Finally, the S&S beta is out and that's pretty exciting! It was only natural to try and create a character with these new rules.

To keep it simple, I decided not to create a brand new character but rather to recreate an existing character with which I'm currently playing. It all went fine and smooth until I arrived at skill points distribution. My character is a very good climber (in our system attributes are used for skill rolls, 'Climbing' is tagged with Agility and he's got a very high Agility). But at the same time, this character can't swim. In fact, he almost got himself drowned during the last session (another player character was 'helping' him to do that, but failed eventually).

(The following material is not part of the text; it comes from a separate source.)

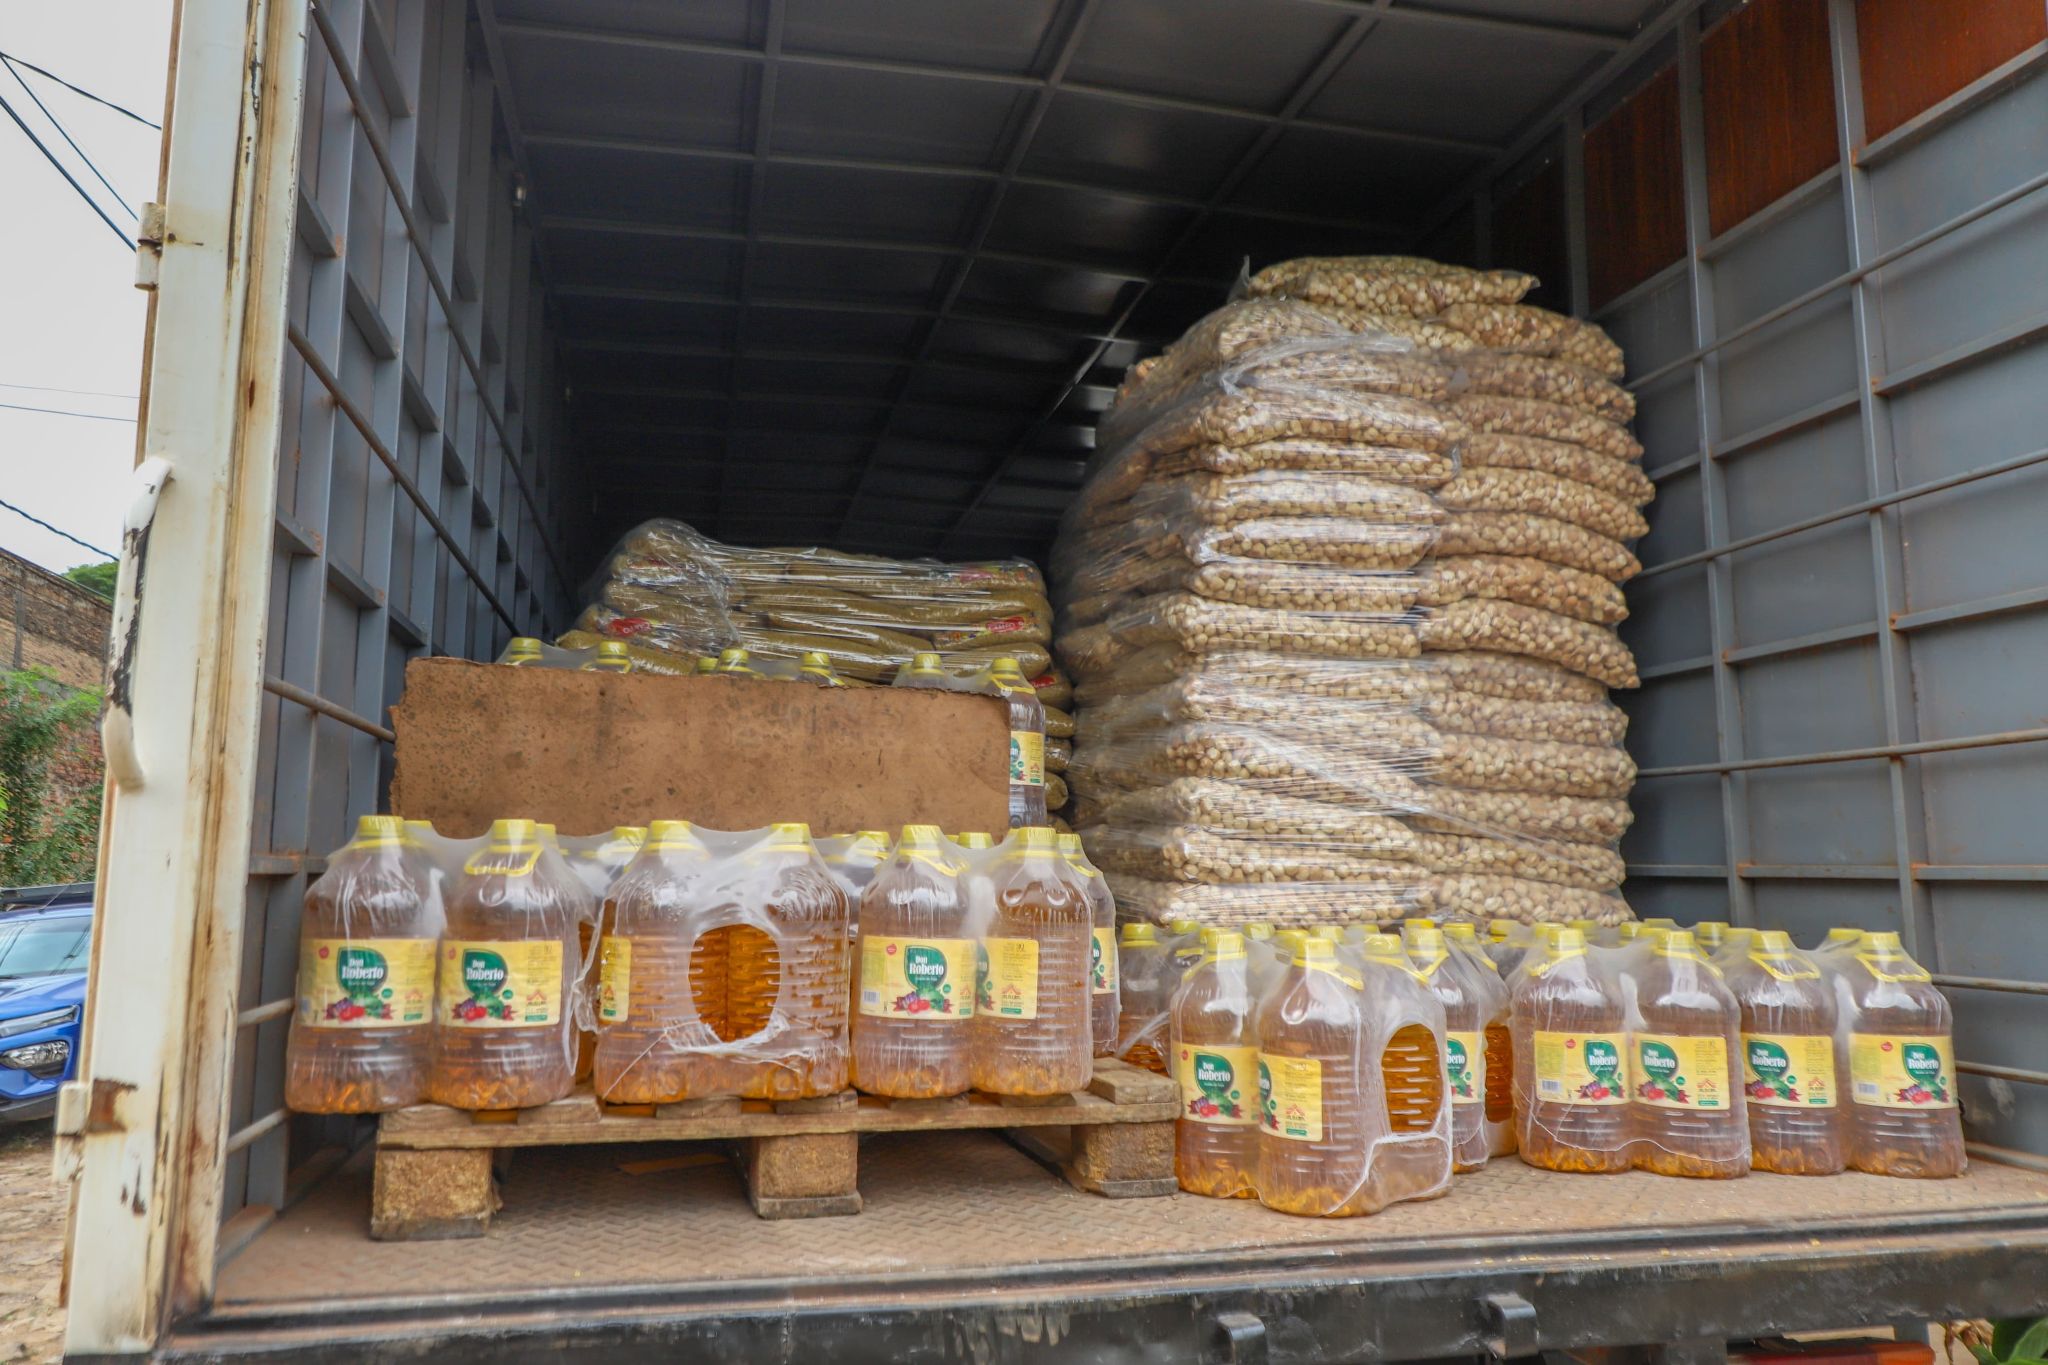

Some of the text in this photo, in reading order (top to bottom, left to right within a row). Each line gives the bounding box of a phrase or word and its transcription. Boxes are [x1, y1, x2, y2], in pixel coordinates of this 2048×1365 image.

Wondering, how to make a good climber and a lousy swimmer, I looked at Agamemnon's comments at "Current direction and skills" (viewtopic.php?f=23&t=279).
Agamemnon wrote: Athletics has been axed. It's now just a function of your attributes. Most of what it would have covered are better covered by attributes, and like an attribute nearly all people have some level of athletics. The only real outlier here is swimming (which is an acquired skill.) In a nautical game, I'd be tempted to make this a stand-alone skill. Otherwise, make it an attribute roll or assume it fits under the seamanship skill.
That said, let's clear it out using my character as an example. How do I make him a good climber? Do I just take high Agility and assume that all agile characters are good climbers (which is not necessarily true in real life) or do I take Expertise (Climbing) skill?

Same question with swimming. If I use an attribute for swimming – what would it be? If it's Agility again then it doesn't work out as intended in our case: he would climb and swim equally well. Or maybe Brawn should be used instead? Or should I stick with Seamanship skill for that? The latter option would probably make sense in the case of my character: he's a thief and has zero points in seamanship (but then again, it would mean that all sailors are decent swimmers which is not necessarily true).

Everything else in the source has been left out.